患者首先彻底清创,拆除原有内固定改为外固定并调整力线,清除死骨或已感染的骨质直至骨断点状渗血,测量胫骨骨缺损长度为6.5~12.5 cm,平均9.4 cm,抗生素骨水泥填塞死腔,皮瓣移植或植皮覆盖软组织缺损。常规取深层感染的骨或软组织送细菌培养。感染完全控制、软组织已修复后,手术拆除外固定架及填塞的抗生素骨水泥,切除断端硬化骨,根据骨缺损及软组织缺损情况决定胫骨上下端截骨及穿针部位。垂直胫骨置入Schanz针并安装单边多功能外固定架。于胫骨前做2~4 cm切口,纵向切开皮肤及骨膜后剥离少许骨膜,应用2.5 mm钻头钻孔截断胫骨。术中应尽量保护骨膜,勿使其过度剥离或损伤。

1.3 术后处理

根据药敏试验继续抗感染治疗4~6周,针道换药1次/d,术后立即开始功能锻炼,术后第5天开始骨搬运,每天搬运1 mm,平均分4次完成,2周后扶拐下床部分负重活动。每2周复查X射线,评估骨缺损愈合和再生区固化情况,X射线观察再生区三面出现骨皮质化、对接点愈合良好后拆除外固定架。采用Paley评分评估疗效[9]。

2 结果

所有患者均随访12~23个月,平均16.1个月。其中5例患者感染得到一期控制,6例患者行2~5次清创术后感染均得到控制。骨搬运时间70~132 d,平均101.9 d。停泊点骨愈合时间5.5~13个月,平均10.5个月。再生区固化时间为5~12个月,平均9.2个月。外固定携带时间6~13.5个月,平均10.9个月。外固定指数0.92~1.55个月/cm,平均1.13个月/cm。患者Paley评分标准优7例,良3例,一般1例。3例钉道感染,其中1例针道处骨感染,行清创术后感染得到控制,其余2例患者针道感染通过口服抗生素和局部换药得到有效控制。2例患者踝关节僵硬,均通过加强踝关节功能锻炼得到改善。3例断端畸形愈合,其成角畸形<7°,未予特殊处理。见附图。

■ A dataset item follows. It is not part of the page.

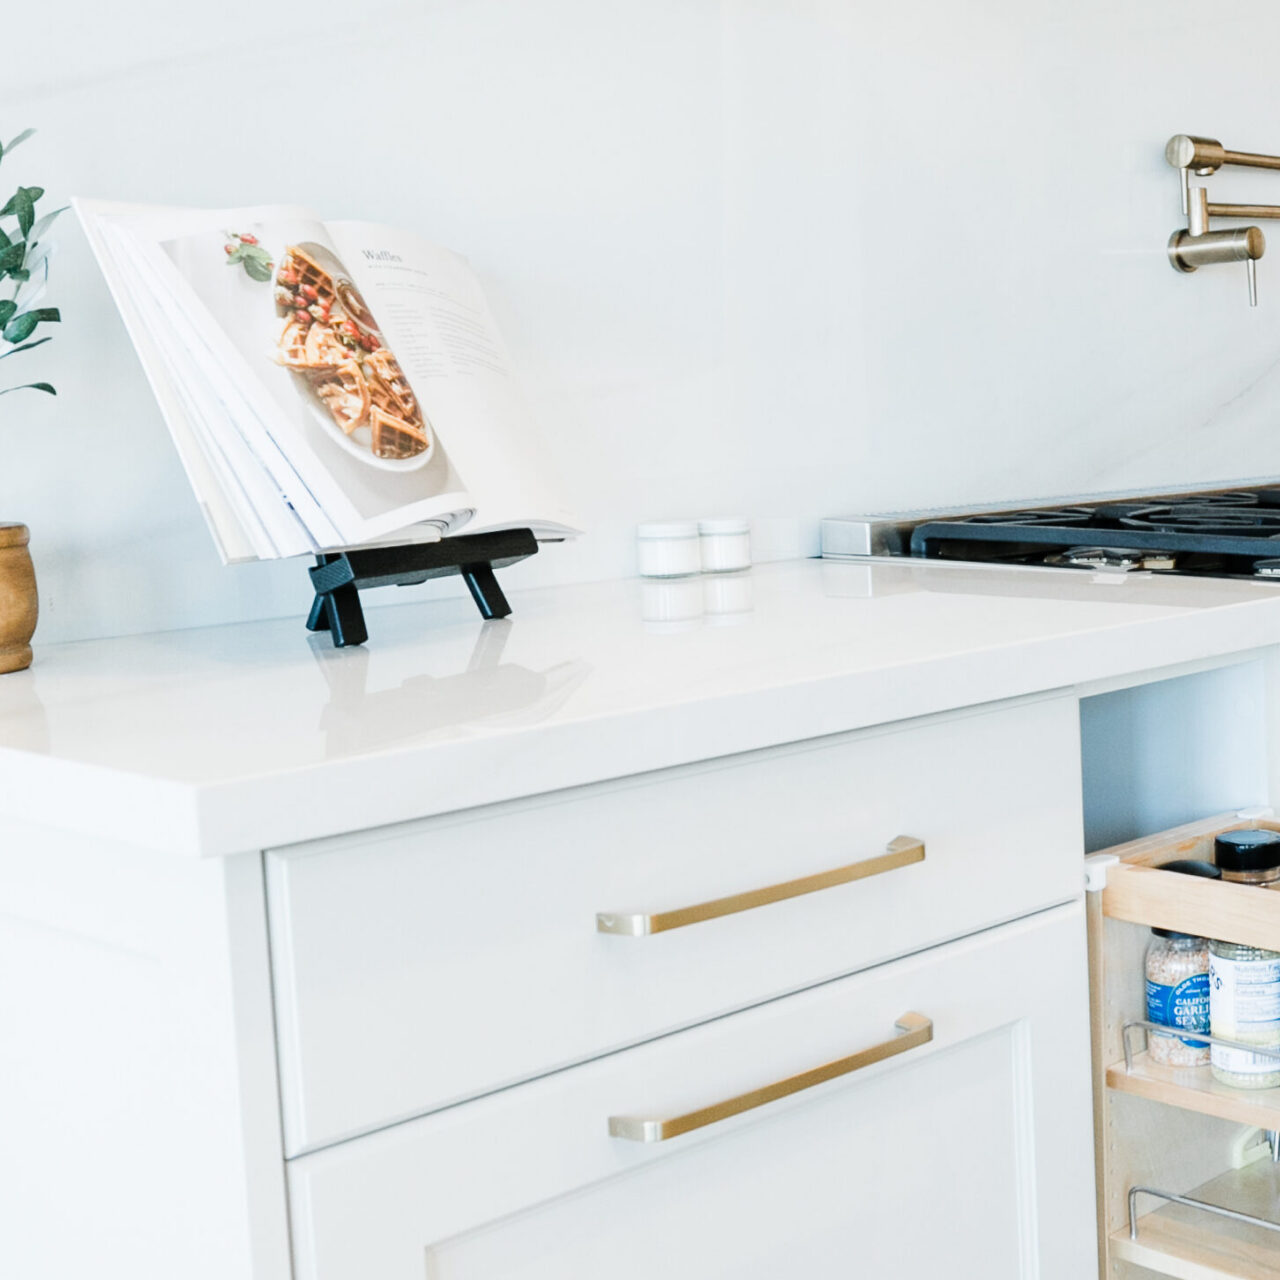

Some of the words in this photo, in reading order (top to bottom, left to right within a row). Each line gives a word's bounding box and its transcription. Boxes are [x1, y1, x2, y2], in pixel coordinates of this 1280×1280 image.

[361, 250, 403, 263] Waffles
[1175, 996, 1209, 1006] CALIFO
[1174, 1004, 1209, 1016] GARLI

附图 单边多功能外固定架骨搬运治疗胫骨创伤后骨髓炎合并骨缺损

3 讨论

创伤后骨髓炎是由于微生物寄生于生物膜导致的持久性骨感染,治疗难度大,涉及软组织缺损和骨缺损的重建。重建骨缺损常用方法是骨搬运技术,主要是应用Ilizarov的张力原则,骨和软组织在缓慢牵拉的张力作用下发生再生和重建。

本研究采用单边多功能外固定架骨搬运治疗胫骨创伤后骨髓炎骨缺损,最后随访时患者均获骨愈合,平均骨延长9.4 cm,采用Paley评分评估功能结果优7例、良3例、一般1例,优良率达90.9%。其骨愈合率与文献报道一致[4,8]。但优良率高于刘军等报道采用单边外固定架骨搬移联合自体植骨治疗慢性创伤性骨髓炎的83.3%[3]。其原因主要在于本组患者在行骨搬运前软组织缺损已行植皮或皮瓣移植治疗,骨缺损部位均有相对良好的软组织覆盖,加之术中采用钻孔截骨法,最大程度的保护骨膜不受损伤,术中对断端进行了咬平修整,停泊点接触后继续加压,促进了骨愈合,但软组织修复与骨搬运分期进行,增加了患者的手术次数,以及停泊点接触后继续加压,易导致一定程度的成角畸形,本研究患者畸形愈合率为27.3%,高于SEMAYA等报道的14.2%,但均在功能允许的范围之内[4]。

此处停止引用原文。